Implemented: 2026-01-21 Files Created: - server/alembic/versions/025_ai_agent_foundation.py - Database migration - server/app/services/llm_service.py - LLM integration - server/app/services/agent_service.py - Task orchestration - server/app/services/changeset_validator.py - Validation service - server/app/routers/ai_assistant.py - REST API endpoints

Files Modified: - server/app/db/models.py - Added AgentDocument, AgentRun, ChangeSet, ChangeSetItem, AuditTrailEvent - server/app/config.py - Added AI settings (anthropic_api_key, ai_model_id, etc.) - server/app/main.py - Registered AI assistant router

1.1 Database Models

File: server/alembic/versions/025_ai_agent_foundation.py

AgentRun Model

Tracks a single AI task execution.

class AgentRun(Base):
    """Tracks a single AI agent task execution."""
    __tablename__ = "agent_runs"

    id: Mapped[uuid.UUID]  # Primary key
    study_id: Mapped[uuid.UUID]  # Foreign key to studies

    # Task identification
    task_type: Mapped[str]  # "protocol_ingestion", "battery_config", "amendment_analysis"
    task_name: Mapped[str]  # Human-readable task name

    # Execution status
    status: Mapped[str]  # "pending", "running", "completed", "failed", "cancelled"
    started_at: Mapped[Optional[datetime]]
    completed_at: Mapped[Optional[datetime]]
    error_message: Mapped[Optional[str]]

    # Input tracking
    input_artifacts: Mapped[dict]  # JSONB - references to uploaded docs, parameters
    input_constraints: Mapped[Optional[dict]]  # JSONB - "do not create visits", etc.

    # Output tracking
    output_changeset_id: Mapped[Optional[uuid.UUID]]  # Foreign key to change_sets

    # LLM usage tracking
    model_id: Mapped[str]  # "claude-3-5-sonnet-20241022"
    usage_stats: Mapped[Optional[dict]]  # JSONB - tokens_in, tokens_out, cost

    # Audit integration
    created_by_id: Mapped[uuid.UUID]  # Foreign key to users
    created_at: Mapped[datetime]

ChangeSet Model

Container for proposed configuration changes.

class ChangeSet(Base):
    """Container for AI-generated configuration proposals."""
    __tablename__ = "change_sets"

    id: Mapped[uuid.UUID]
    study_id: Mapped[uuid.UUID]
    agent_run_id: Mapped[Optional[uuid.UUID]]  # Nullable for manual changesets

    # Lifecycle
    status: Mapped[str]  # "draft", "validating", "ready", "applied", "rejected"

    # Validation results
    validation_status: Mapped[Optional[str]]  # "passed", "warnings", "failed"
    validation_results: Mapped[Optional[dict]]  # JSONB - detailed validation output

    # Application tracking
    target_metadata_version_id: Mapped[Optional[uuid.UUID]]  # Where changes will apply
    applied_at: Mapped[Optional[datetime]]
    applied_by_id: Mapped[Optional[uuid.UUID]]
    rejection_reason: Mapped[Optional[str]]
    rejected_at: Mapped[Optional[datetime]]
    rejected_by_id: Mapped[Optional[uuid.UUID]]

    # Summary
    summary: Mapped[Optional[str]]  # AI-generated summary of changes
    risk_flags: Mapped[Optional[dict]]  # JSONB - breaking changes, consent impacts

    created_by_id: Mapped[uuid.UUID]
    created_at: Mapped[datetime]

    # Relationships
    items: Mapped[list["ChangeSetItem"]]

ChangeSetItem Model

Individual artifact proposal within a ChangeSet.

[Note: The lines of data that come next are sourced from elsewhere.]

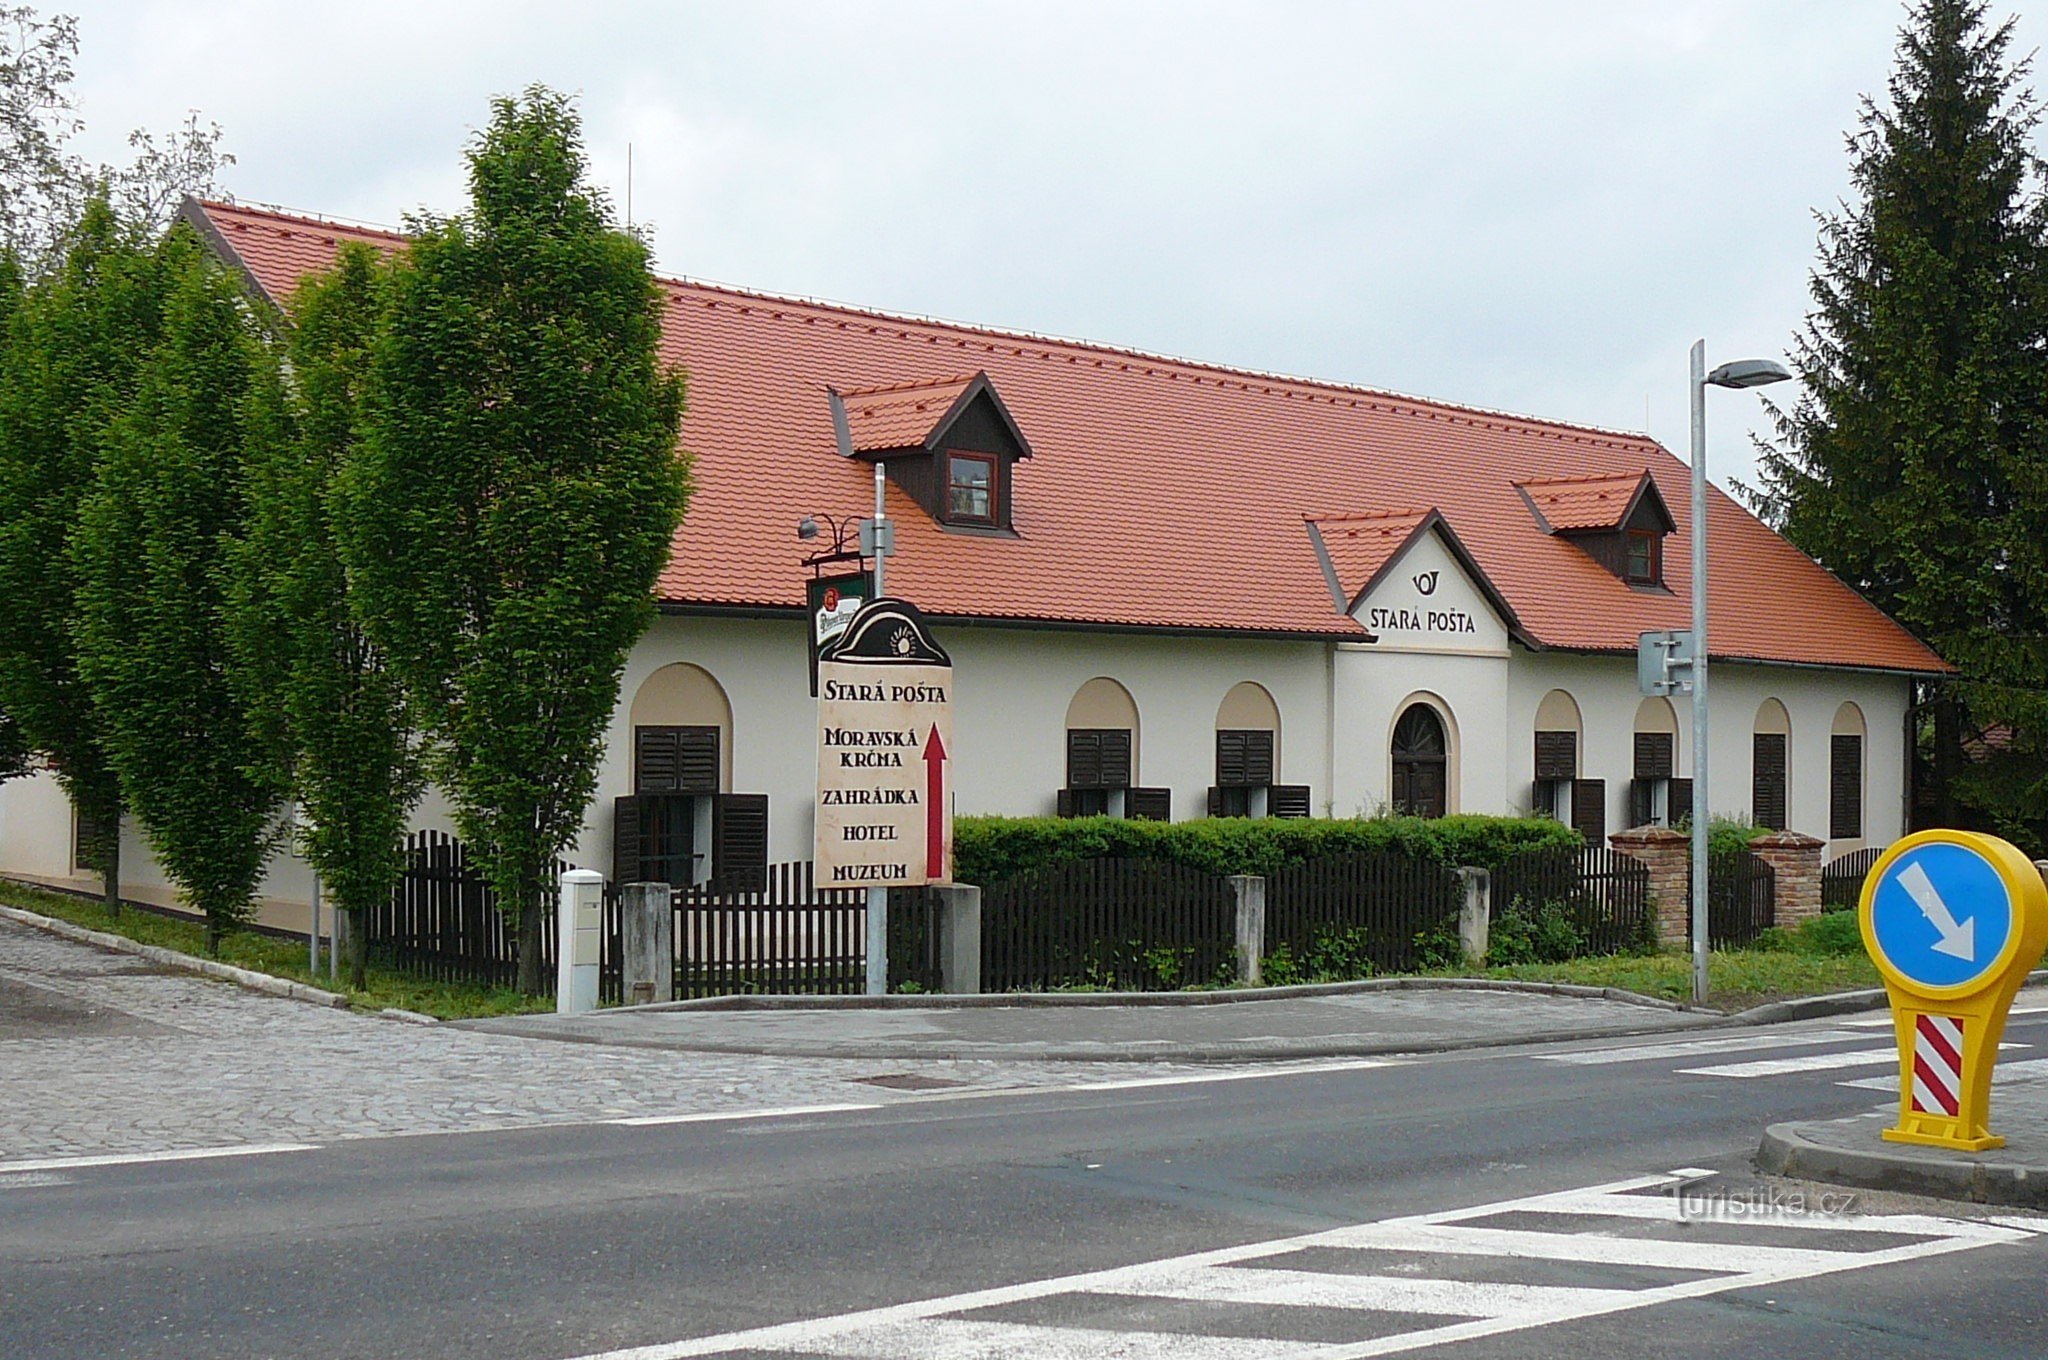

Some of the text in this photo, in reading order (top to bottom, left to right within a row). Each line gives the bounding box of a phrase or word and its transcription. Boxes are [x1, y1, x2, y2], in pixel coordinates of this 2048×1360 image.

[1371, 605, 1476, 633] STARÁ POŠTA
[824, 679, 947, 703] STARÁ POŠTA
[824, 727, 918, 747] MORAVSKÁ
[840, 749, 903, 768] KRČMA
[822, 786, 919, 805] ZAHRÁDKA
[843, 825, 898, 841] HOTEL
[832, 864, 907, 881] MUZEUM

class ChangeSetItem(Base):
    """Individual artifact proposal within a ChangeSet."""
    __tablename__ = "change_set_items"

    id: Mapped[uuid.UUID]
    changeset_id: Mapped[uuid.UUID]

    # Artifact identification
    artifact_type: Mapped[str]  # "study_event_def", "battery_version", "consent_version", "form_def", "rule"
    artifact_id: Mapped[Optional[uuid.UUID]]  # Existing ID if update, null if create
    artifact_oid: Mapped[Optional[str]]  # ODM OID for the artifact

    # Change specification
    action: Mapped[str]  # "create", "update", "deprecate"
    before_state: Mapped[Optional[dict]]  # JSONB - state before (for updates)
    after_state: Mapped[dict]  # JSONB - proposed new state

    # AI metadata
    rationale: Mapped[Optional[str]]  # Why the AI proposed this
    confidence: Mapped[Optional[float]]  # 0.0-1.0 confidence score
    source_references: Mapped[Optional[dict]]  # JSONB - protocol section, page, etc.

    # Review tracking
    status: Mapped[str]  # "pending", "accepted", "rejected", "needs_input"
    reviewer_notes: Mapped[Optional[str]]
    reviewed_by_id: Mapped[Optional[uuid.UUID]]
    reviewed_at: Mapped[Optional[datetime]]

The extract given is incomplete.